So, well that’s me for now. Nothing too exciting I know. No real changes, same complaints different day 🤣🤣. Hopefully my next blog will be far more an entertaining read. But for me it’s a release and helps me let off some steam, so hope your still come back again and I’ve not bored you away.

Thanks for reading, catch you soon 💕💕

Gym blog

Well it’s even a while, and sadly no changes to “me.”

I am however, currently writing this whilst sitting on (and using) and exercise Bike in the gym! (distraction Tatics or I will look at bike panel and see Ive done very little yet still feel like I’m dying.

A very reluctant gym visit I must say. I really did not want to come (and still don’t particularly want to be here), but I guess the fact that I am, even if only half hearted… is that I’m here!

I felt like I was dying and like I’d done a full workout just walking up the stairs to the upper floor… then proceeded to start off on the treadmill… the actual aim was to literally do half an hour walking on the treadmill… first day back and all… however 10mins in, I’m feeling awkward walking on it.. I’m feeing the desperate urge to try running but know my body can’t handle that right now. So walking on it is all I can do… and it soon becomes an issue, the side rails are in my way for walking, I don’t know what to do with my arms, they feel weird in “walk” motion, and I keep whacking them on the sides. Having them up in mode for jogging just feels even more wrong. So I’m at a loss and cut the treadmill short and just 12mins of walking.

And that’s then how ended up on the bike currently on… luckily it’s one of them ones you kind of sit back into a pedal away… obviously my level of exertion, especially whilst typing this, is not overly “die” mode, but I’m feeling pretty warm, slightly breathless and yet know I’ve got a damn good few mins in now that I’ve distracted myself. Lol. Kind of reluctant to move now.

On a plus I’m out. I’m in the gym. My weight may not have gone down at all or my diet changed since my melt down previous blog… but this is the first small step in a bigger staircase I need to climb. The first step is the hardest they say…. I agree, but I also think that the next few following steps will be equally a struggle and a mass effort..

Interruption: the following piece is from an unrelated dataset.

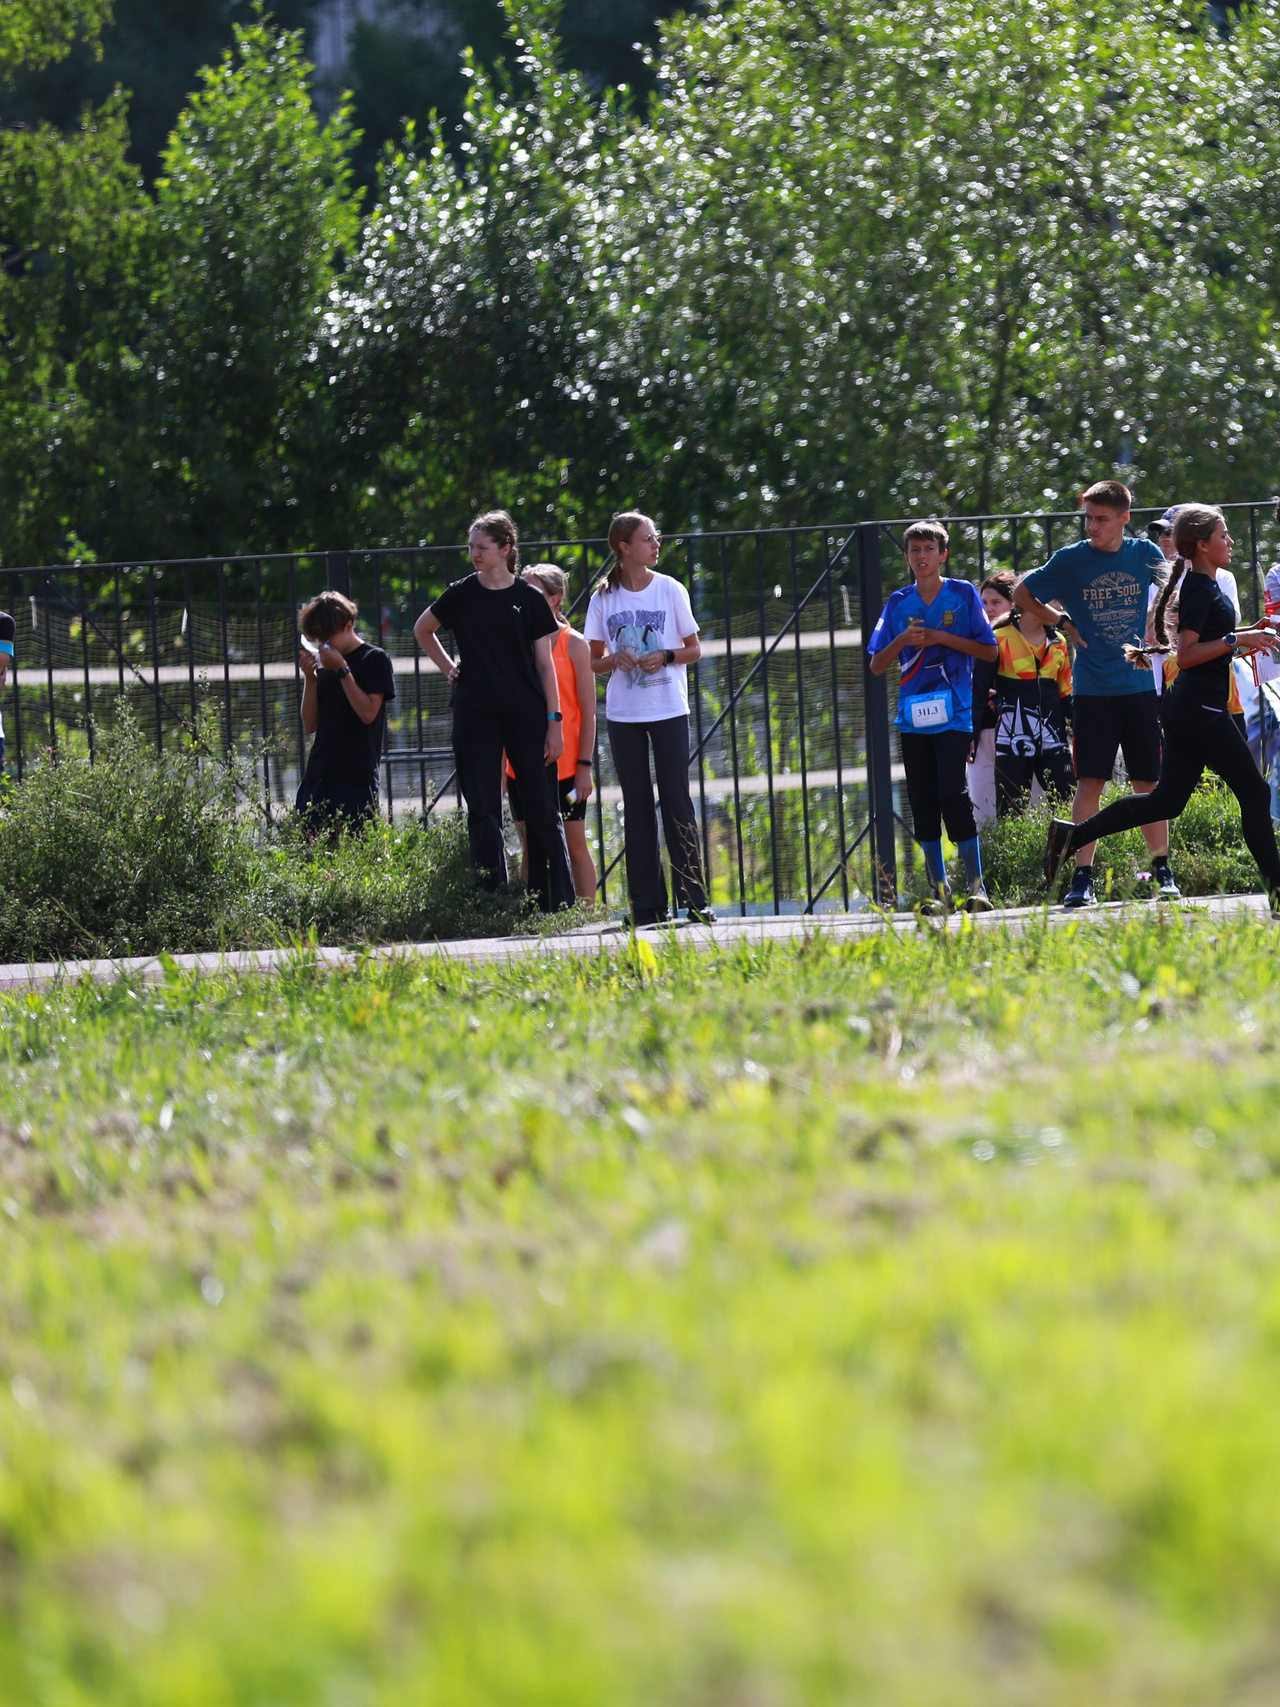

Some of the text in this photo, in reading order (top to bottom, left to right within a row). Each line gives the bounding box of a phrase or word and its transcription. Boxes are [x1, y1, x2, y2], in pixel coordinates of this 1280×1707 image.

[1083, 583, 1142, 600] FREE SOUL
[1095, 597, 1132, 609] 18 65
[918, 706, 938, 717] 311.3

I’ll get there eventually.

I have now spoken to and am awaiting further advise back from GP regarding help for weight loss. Yes I have approached the topic of surgical intervention (which to be honest I very much doubt I’d ever qualify for.. because all though my bmi and weight say I’m playing a very dangerous life game… all my blood work, cholesterol levels, thyroid levels, kidney and liver functions… are all absolutely fine! Which I know is a good thing) but no I’ve not ruled it out and I can’t say I don’t want to be considered for it …. as I really do. I know many will think that’s a major cop out. But I’ve spent most of my adult life, most certainly the past 10years really battling with weight loss. And maintaining it. So I’m willing to see what that path may look like. But like I said, I dont believe I qualify anyway. But I will await their wisdom and see what they say about all aspects of what options and help is available.

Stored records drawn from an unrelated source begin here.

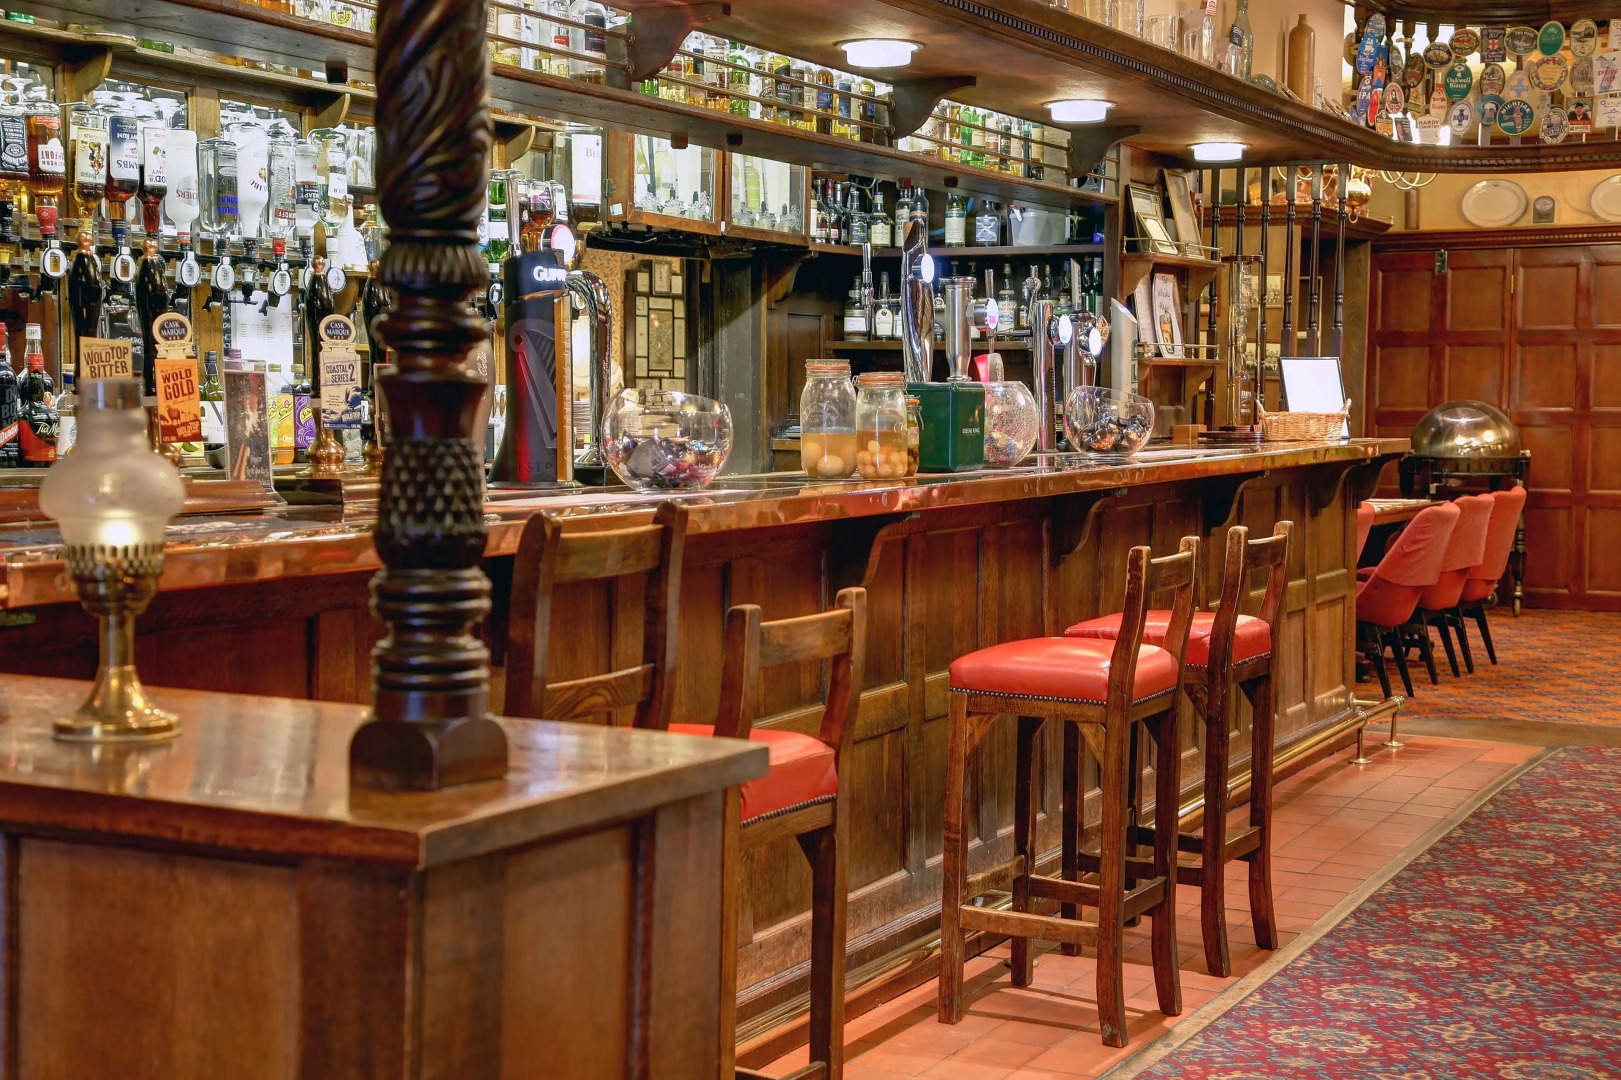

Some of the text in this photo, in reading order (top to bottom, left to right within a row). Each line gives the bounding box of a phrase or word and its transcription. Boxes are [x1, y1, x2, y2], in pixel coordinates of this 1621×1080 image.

[1358, 91, 1371, 100] IPA
[1501, 101, 1531, 114] NIGHTJAR
[116, 159, 139, 170] AMB'S
[330, 321, 345, 329] CASK
[160, 327, 186, 336] MARQUE
[326, 328, 350, 336] MARQUE
[89, 360, 129, 379] BITTER
[325, 364, 348, 374] COASTAL
[348, 363, 356, 382] 2
[161, 368, 192, 384] WOLD
[331, 373, 349, 384] SERIES
[164, 379, 195, 401] GOLD

Just looked at panel and I’ve actually done wuite well… almost 20 mins into my cycle now. Knee starting to feel a bit tight so gonna call it a day on this one.

So that’s all for now. Thanks for stopping by. Hopefully I’ll be back again soon with a more positive blog post. (I doubt it lol, but I’ll try).

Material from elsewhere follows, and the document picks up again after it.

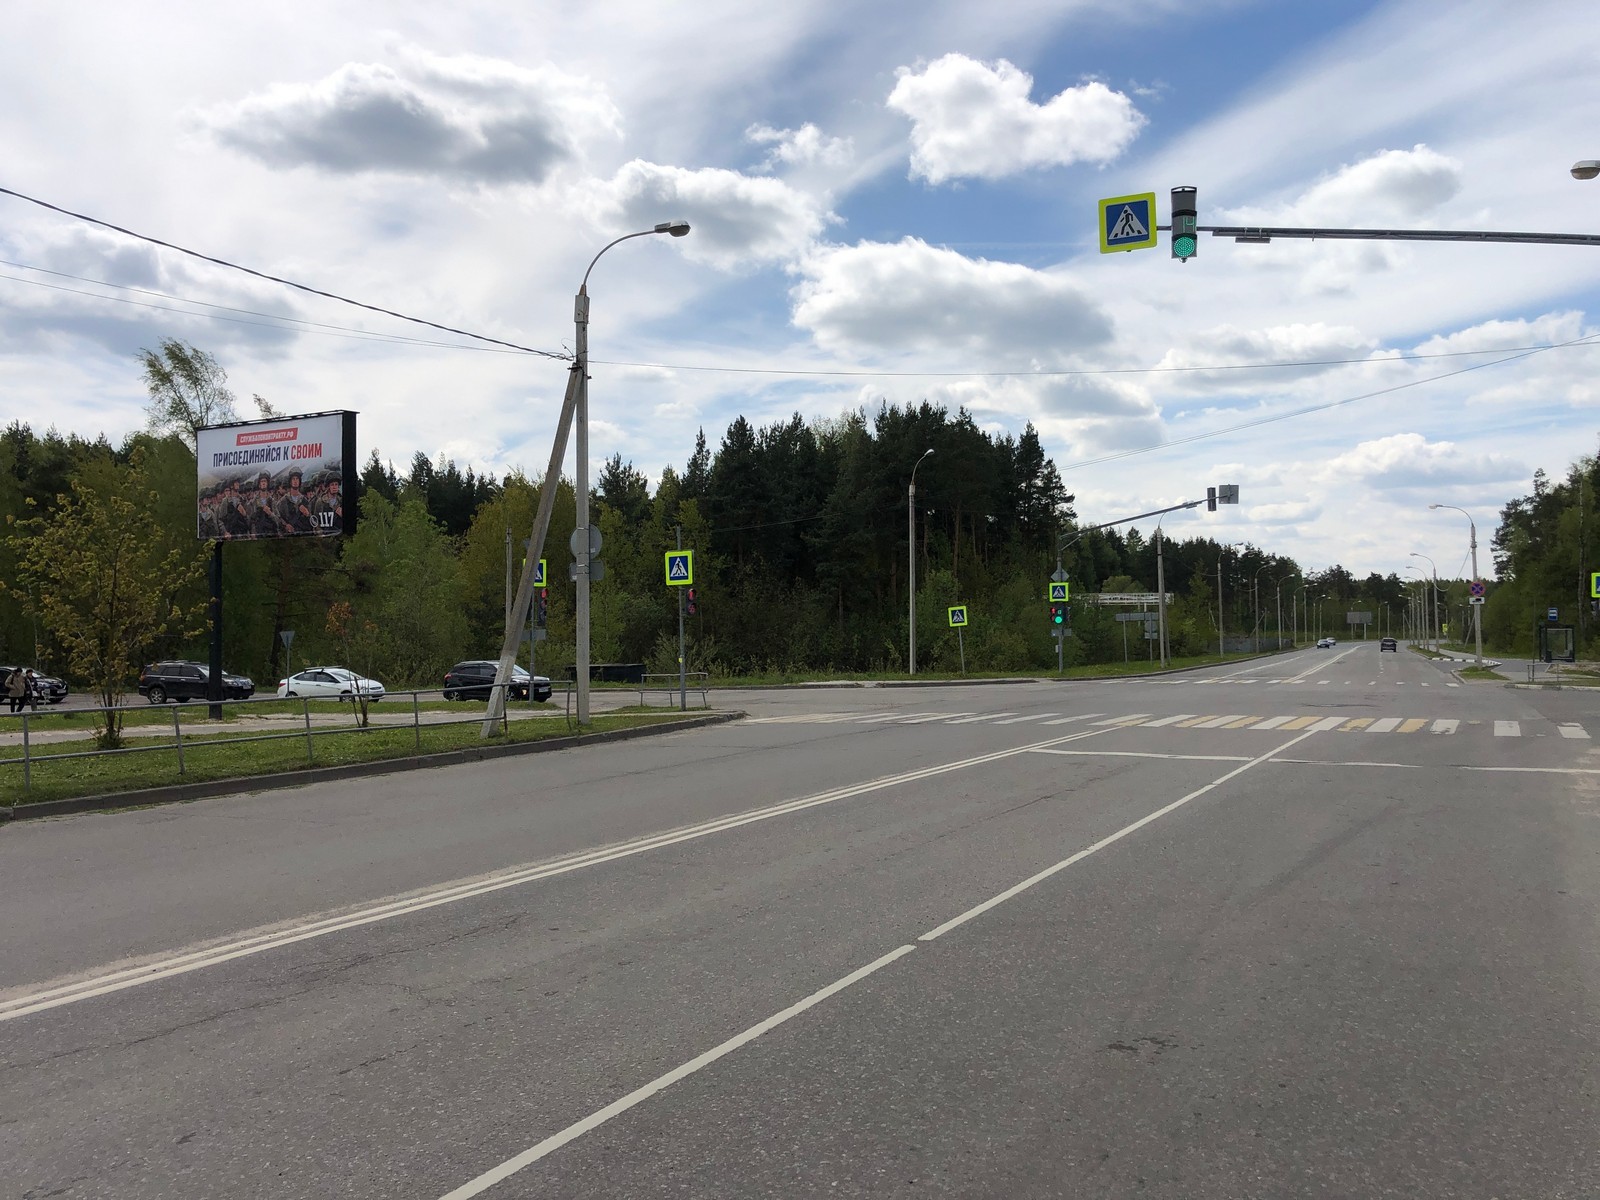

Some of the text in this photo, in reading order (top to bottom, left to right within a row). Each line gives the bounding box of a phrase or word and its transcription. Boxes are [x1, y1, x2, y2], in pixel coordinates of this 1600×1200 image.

[213, 443, 322, 467] ПРИСОЕДИНЯЙСЯ К СВОИМ
[319, 512, 334, 527] 117

I’m off home to not move for a while as legs are now like jelly.. luckily charlottes driving tonight 🤣.

Catch you soon 💕

The Awakening 😔😔😔

Now I know how unhealthy and unfit I am… I know that over the past few months (well the past year and a half really) I’ve lost all self control and my weight (and body) has grown accordingly. But today it really hit home.

Usually and more recently I’ve taken to having showers, (due to an issue with have with the hot water maintaining its heat when running a bath). But this evening, I thought “I’ll have a bath” … HUGE mistake…

For a change, the hot water actually worked, bath temperature was ok. Getting into the bath… a whole other story. Now my knees have been playing up lately, specifically my left one (I twisted it when heaving 14 packs of ceramic flooring tiles a couple of weeks ago and it’s been very “angry” since), and sitting down into the bath in the first place was a tricky task, I actually had a moment where I did think… I actually can’t do this, I’m going to have to have a shower now anyway, (I felt absolutely horrified at myself, and I’ll admit, a little concerned if I was going to be able to even get back out again). But with some perseverance and great awkwardness. I got in.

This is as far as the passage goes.